+++ EXTRACTED MATERIAL
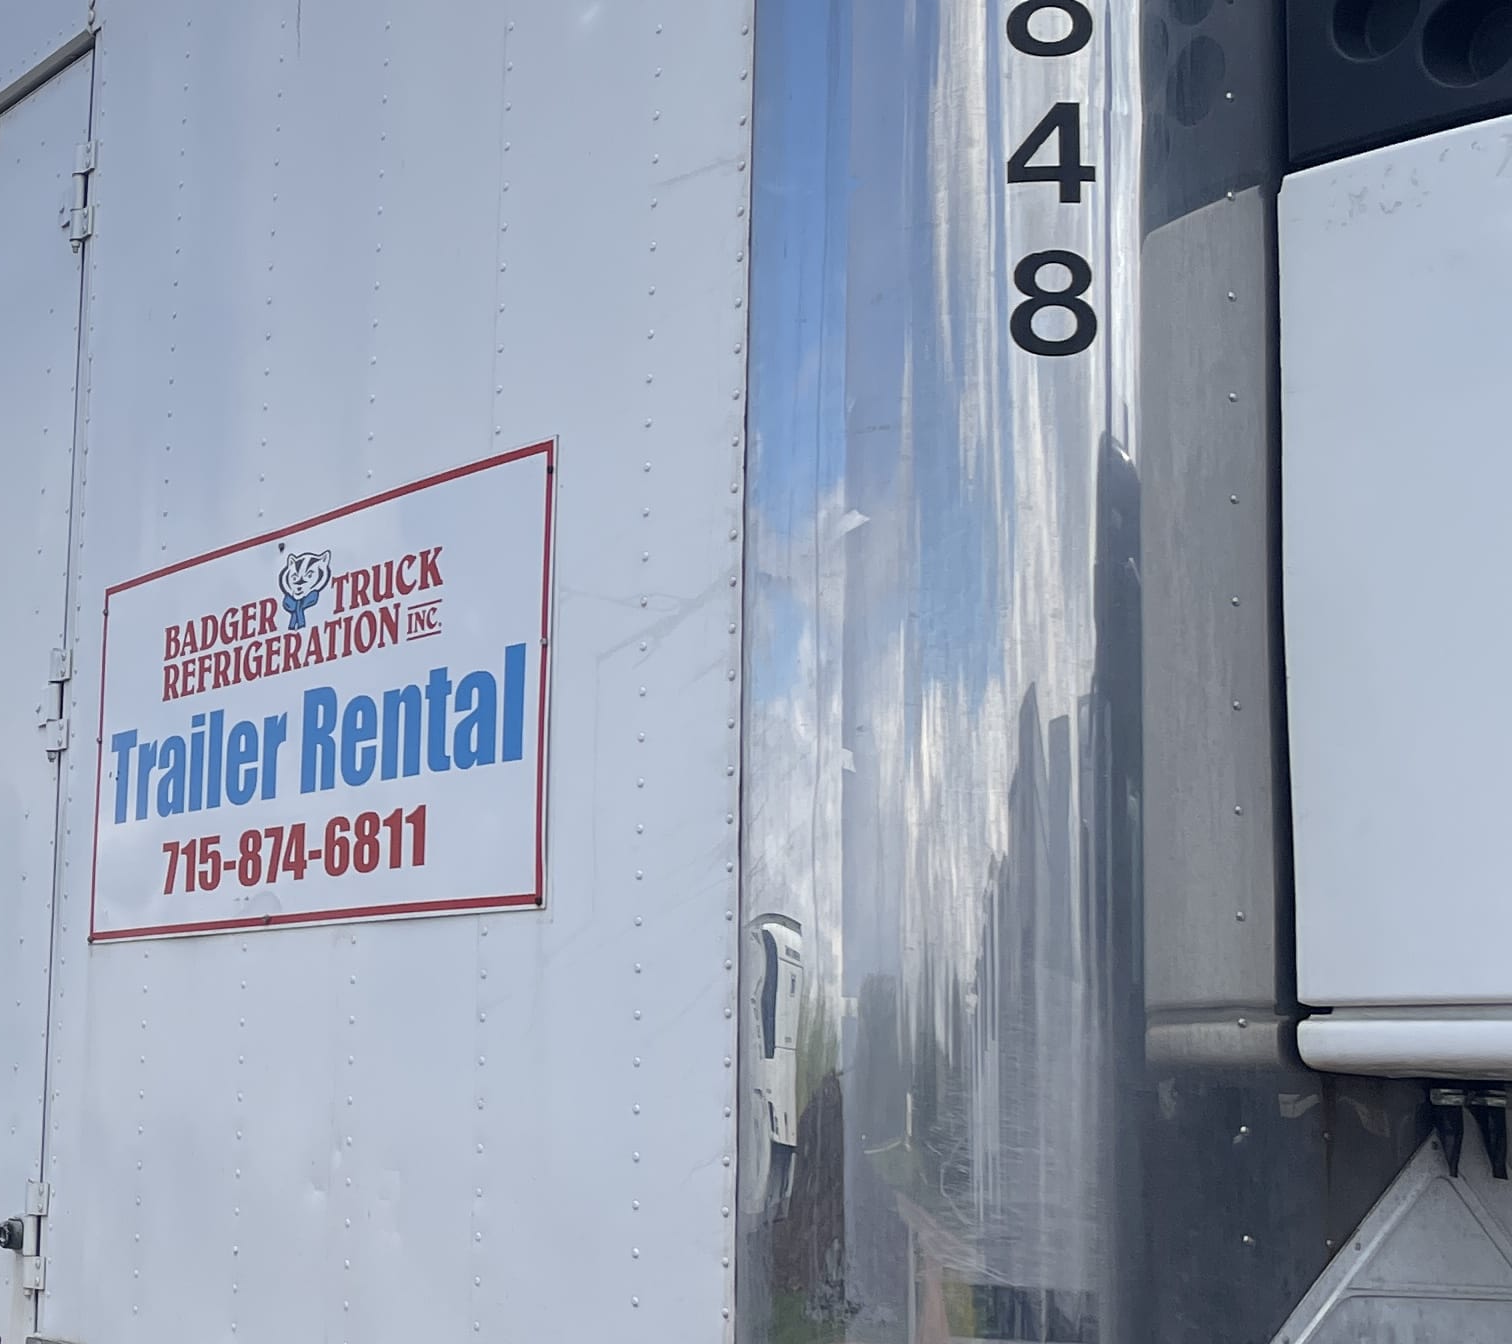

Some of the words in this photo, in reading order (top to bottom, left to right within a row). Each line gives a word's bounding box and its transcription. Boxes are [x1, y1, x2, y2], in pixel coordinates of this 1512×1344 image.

[162, 603, 402, 702] REFRIGERATION
[164, 597, 278, 661] BADGER
[331, 546, 444, 614] TRUCK
[111, 709, 288, 825] Trailer
[300, 643, 526, 794] Rental
[162, 804, 426, 895] 715-874-6811
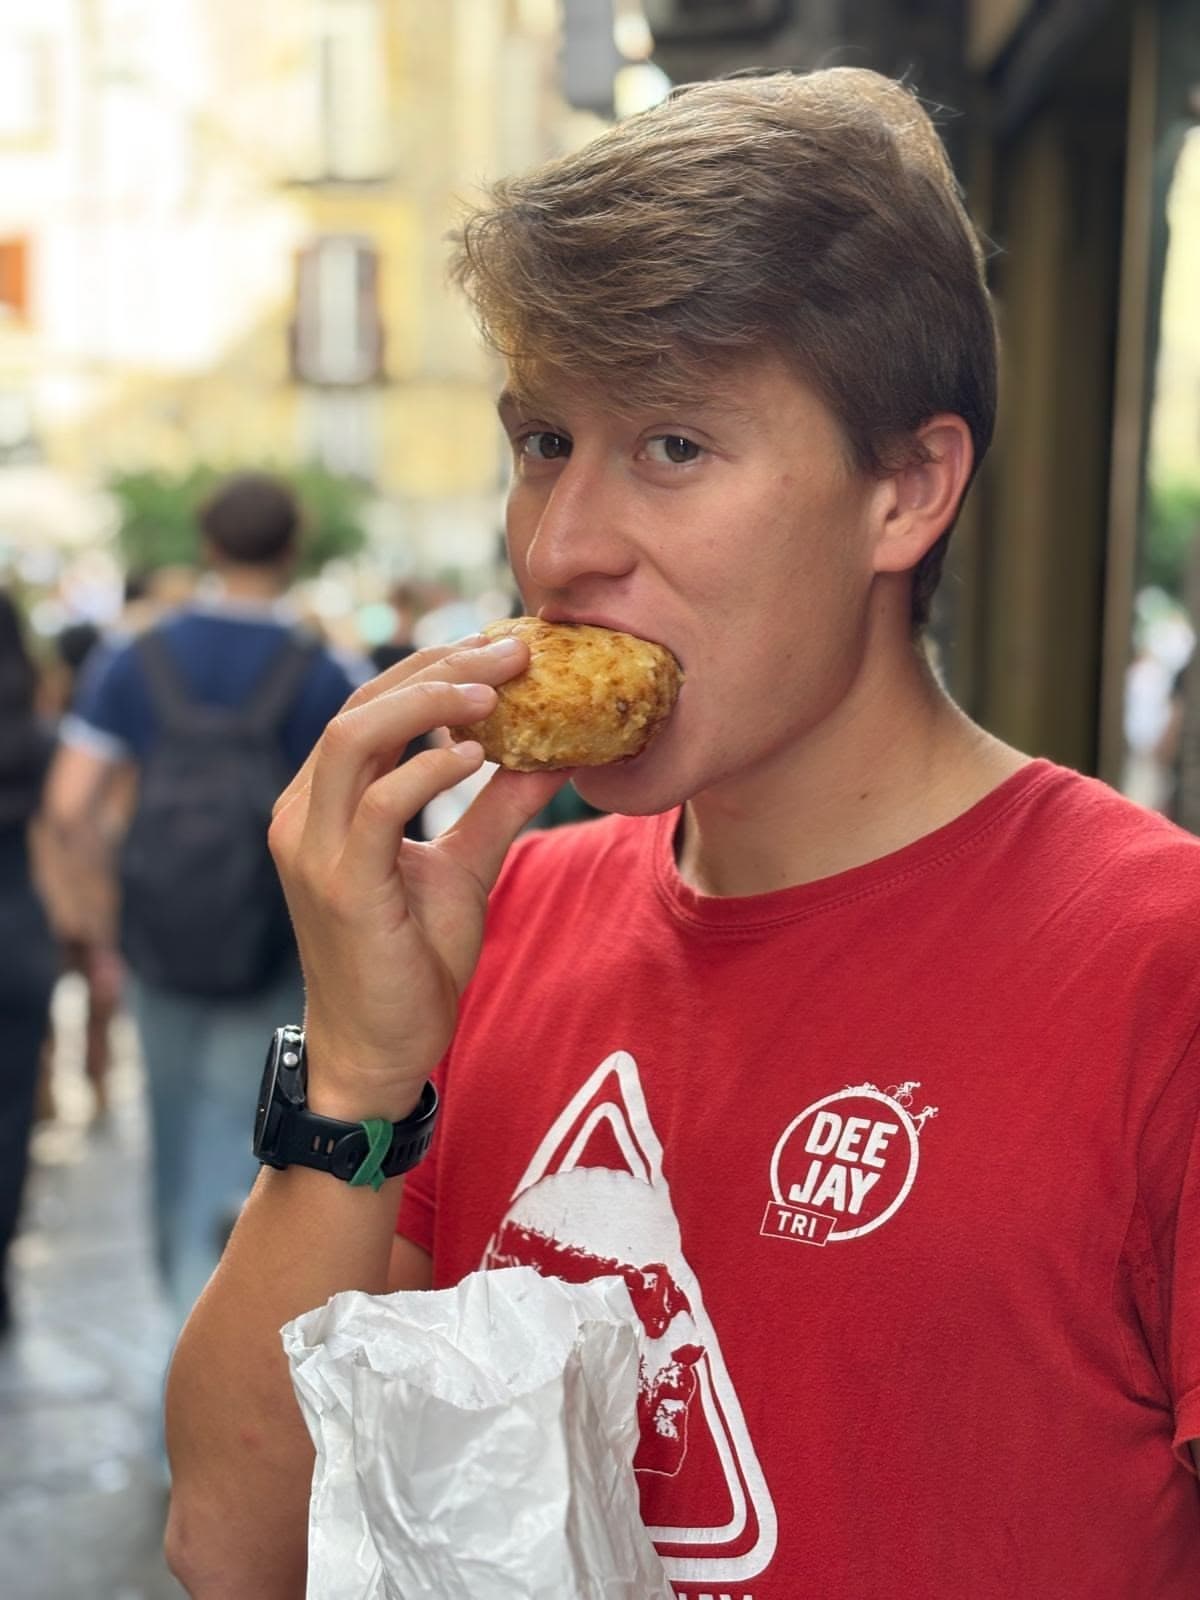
++++++
Copy each entry above exactly; drop the pictures.

### [ANSWER TO THIS PROBLEM]
Some of the words in this photo, in reading order (top to bottom, left to right within a row). Each line gives a word's bounding box and its transcription. Boxes are [x1, y1, x2, y2], in pixel coordinates of this 1512×1344 image.

[162, 603, 402, 702] REFRIGERATION
[164, 597, 278, 661] BADGER
[331, 546, 444, 614] TRUCK
[111, 709, 288, 825] Trailer
[300, 643, 526, 794] Rental
[162, 804, 426, 895] 715-874-6811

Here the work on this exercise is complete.